I am extremely fortunate and blessed - I have an incredible social support network. Each one is filled with a community of people that acts like the branches of a tree. Some are deep and foundational, like the relationships I share with my family and closest friends. Others are shorter and with fewer stems, like the acquaintances I’ve made by way of my children or through various interests and hobbies. No matter which branch I’m nurturing, they all serve as a gravitational pull that keeps me grounded.


Having a community of people didn’t protect me from the lasting impacts of trauma, but I am convinced that it saved me from the darkness of despair. There are so many people I leaned on when it got really, really tough. My parents, who spent as much time with me as needed in person and on the phone, talking through things as I tried to make sense of my thoughts and feelings. My in-laws, who made sure my children were cared for when I was unable to meet their needs. My husband, who sat by my side at the hospital for hours waiting to be seen, and prayed for me nonstop. My children, who offered unlimited hugs because they knew something was wrong but didn’t know how to fix it. My friends, who drove me to my counseling appointments and made me meals just to be sure I took care of my physical self. My bosses, who told me to prioritize my mental well being over logging work hours. My therapist, who made time to see me with extra visits so I could process everything I was experiencing with a trained professional.

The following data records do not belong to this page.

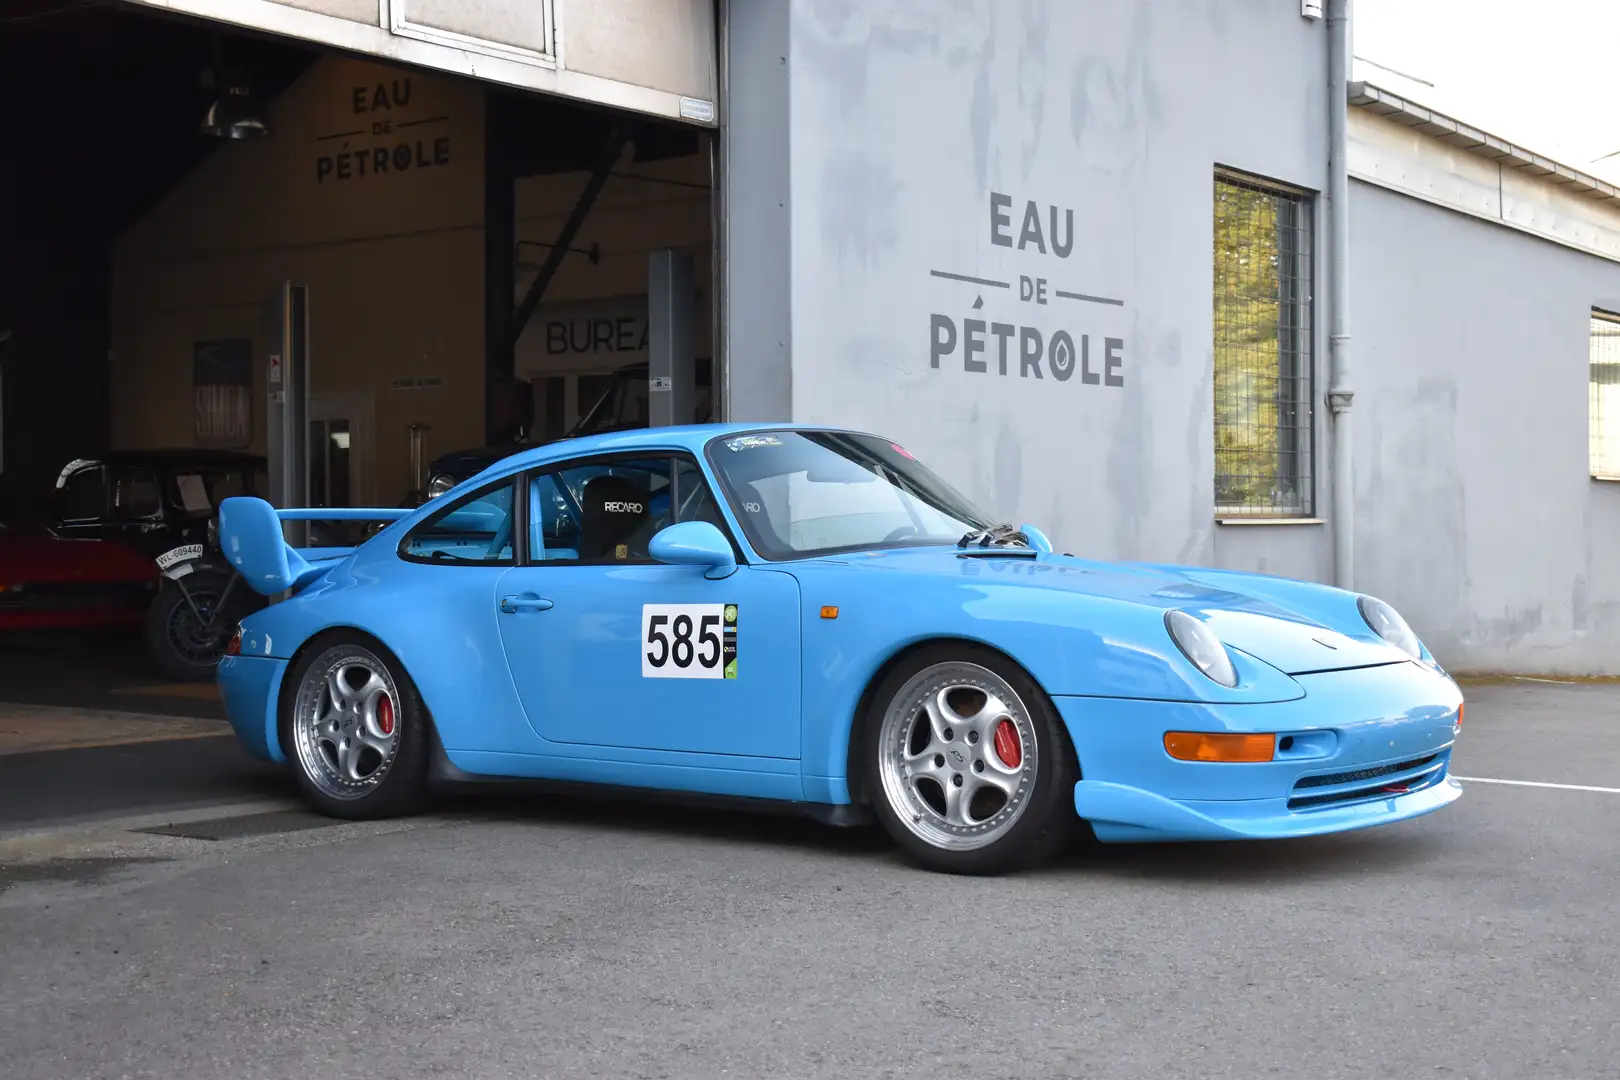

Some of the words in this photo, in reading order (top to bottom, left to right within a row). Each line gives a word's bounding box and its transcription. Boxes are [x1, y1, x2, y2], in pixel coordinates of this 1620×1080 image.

[353, 78, 411, 114] EAU
[372, 120, 393, 135] DE
[317, 137, 450, 184] PÉTROLE
[991, 191, 1074, 259] EAU
[1020, 274, 1048, 305] DE
[930, 294, 1124, 387] PÉTROLE
[604, 501, 644, 514] RECARO
[157, 544, 203, 566] WL-609440
[646, 613, 721, 669] 585
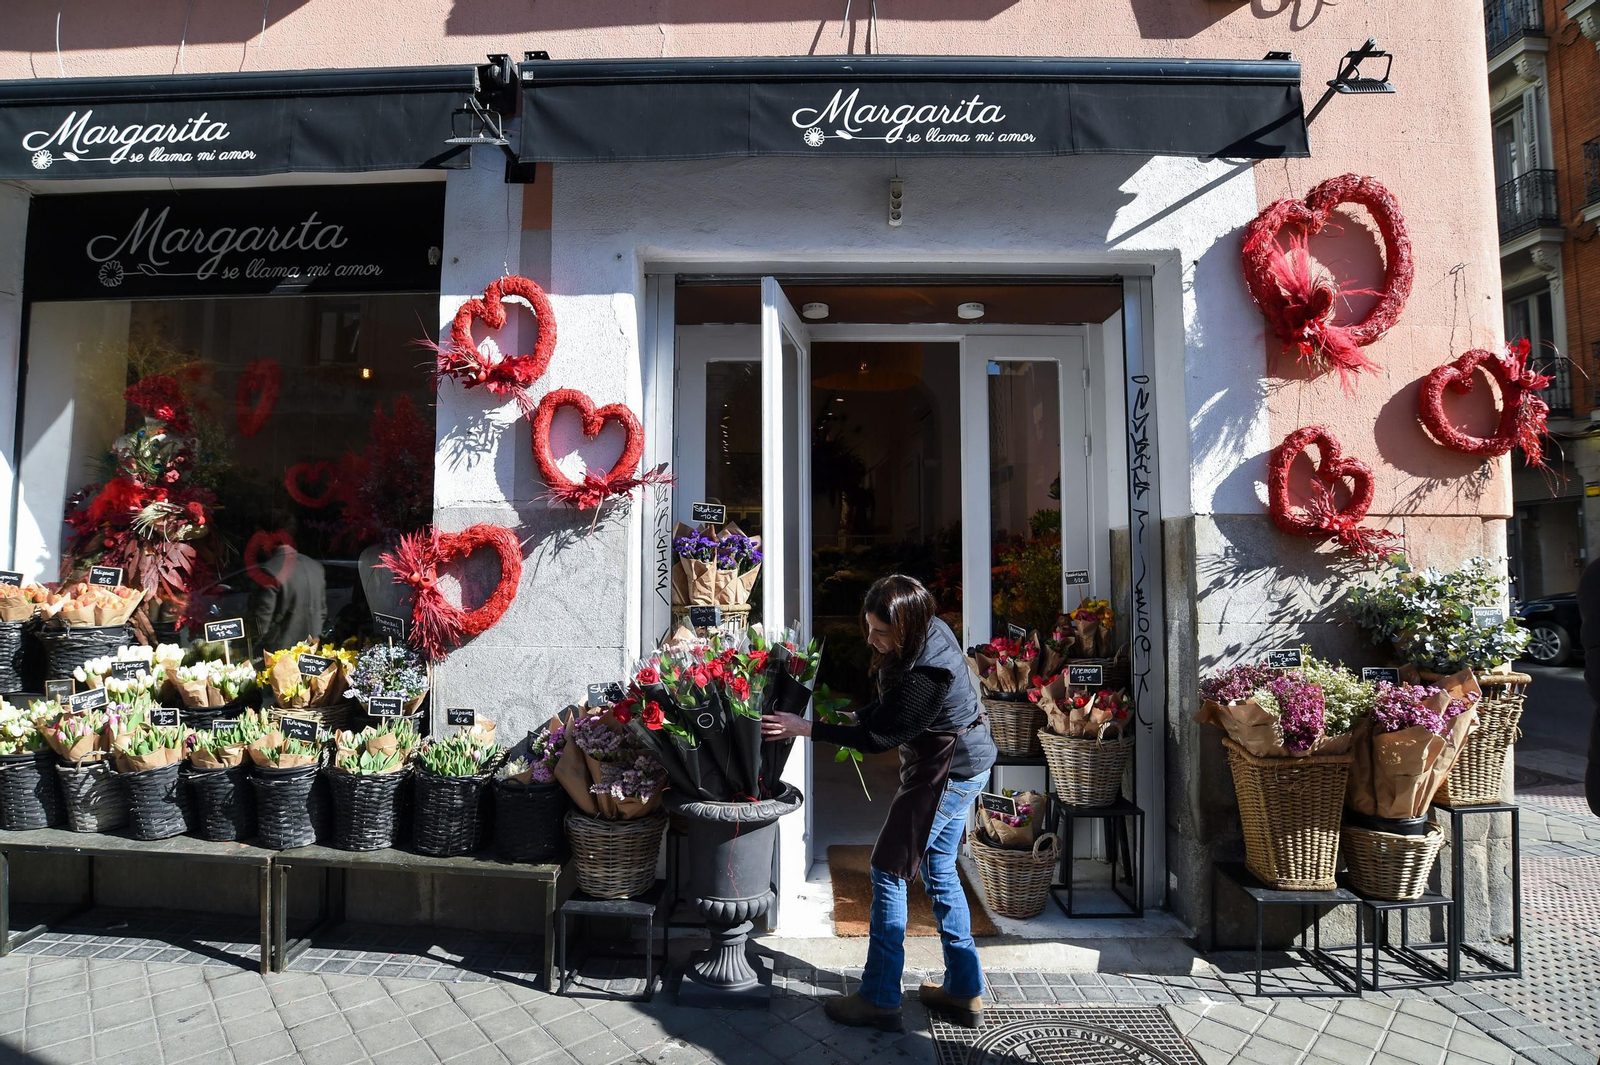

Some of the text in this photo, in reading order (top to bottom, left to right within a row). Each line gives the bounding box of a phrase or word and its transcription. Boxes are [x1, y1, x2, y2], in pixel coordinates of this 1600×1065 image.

[791, 88, 1006, 144] Margarita
[905, 127, 1037, 143] se llama mi amor
[22, 109, 230, 164] Margarita
[128, 146, 257, 163] se llama mi amor
[86, 206, 348, 280] Margarita
[221, 258, 383, 279] se llama mi amor
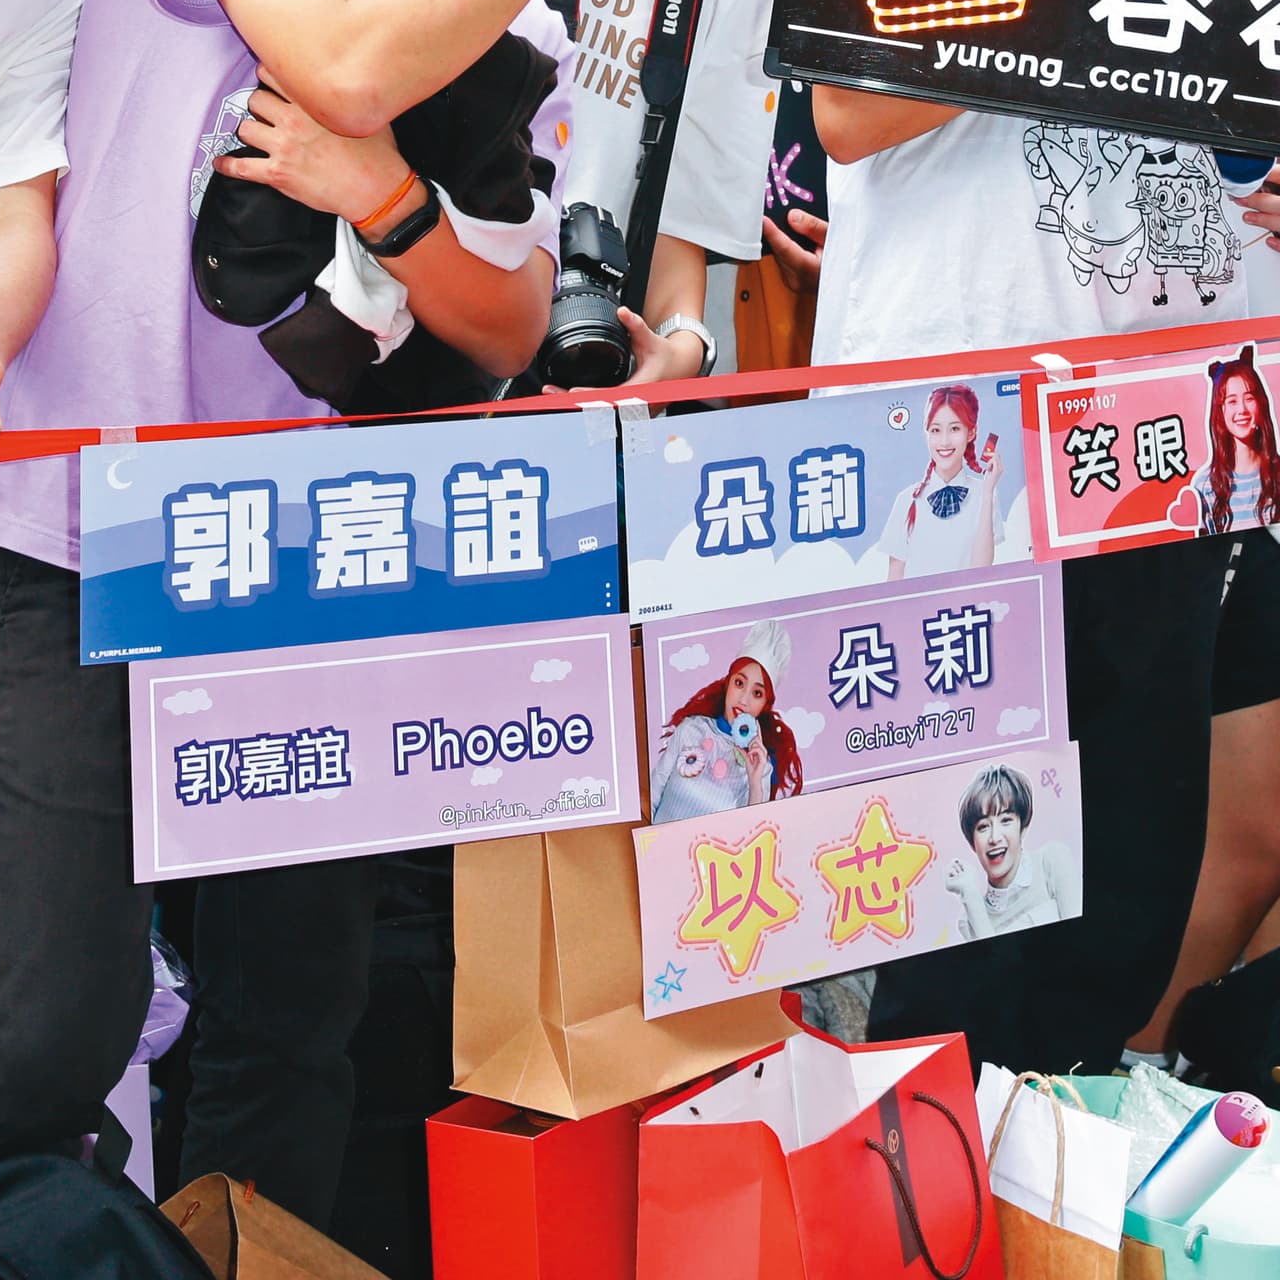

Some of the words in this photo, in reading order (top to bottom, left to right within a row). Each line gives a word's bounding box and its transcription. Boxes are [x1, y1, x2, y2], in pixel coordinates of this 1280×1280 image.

[933, 39, 1229, 105] yurong_ccc1107
[600, 262, 624, 278] Canon
[1057, 393, 1118, 415] 19991107
[1064, 416, 1189, 497] 笑眼
[167, 465, 547, 606] 郭嘉誼
[699, 449, 864, 553] 朵莉
[830, 605, 995, 710] 朵莉
[176, 727, 351, 805] 郭嘉誼
[394, 707, 594, 775] Phoebe
[845, 706, 977, 755] @chiayi727
[702, 843, 902, 930] 以芯

None of the people above could change what happened in my life. But every single one of them, I'm certain, helped me in ways they don't fully realize. Each individual, with their unique experiences and perspectives, contributed to my journey in significant ways, whether through their words of encouragement, their acts of kindness, or simply by being present during pivotal moments. They represent my own personal community, a network of support that has been invaluable to me throughout the ups and downs of my life.


Community for others.


In The Body Keeps the Score, the author spends the latter half of the book discussing treatments for trauma. Some of them are fairly conventional and some are less known. Several involve one on one interactions (EMDR, neurofeedback, counseling). Some of them involve groups of people, such as well-known group therapy sessions (Alcoholics Anonymous). A few of them that are incredibly promising rely on traumatized individuals coming together to explore artistic expression such as dance and theater. One such program in New York City - the Possibility Project - found success in helping foster children learn to process their emotions and feelings of abandonment through onstage acting. And it a well accepted fact that individuals who are well regulated emotionally are more likely to become productive members of society.


Not everyone has severe trauma to overcome. Some of us just need a communal outlet outside of our daily obligations that fosters creativity, fellowship, and belonging. Because if communities can help people overcome trauma, how much more can they help those of us looking for something much simpler?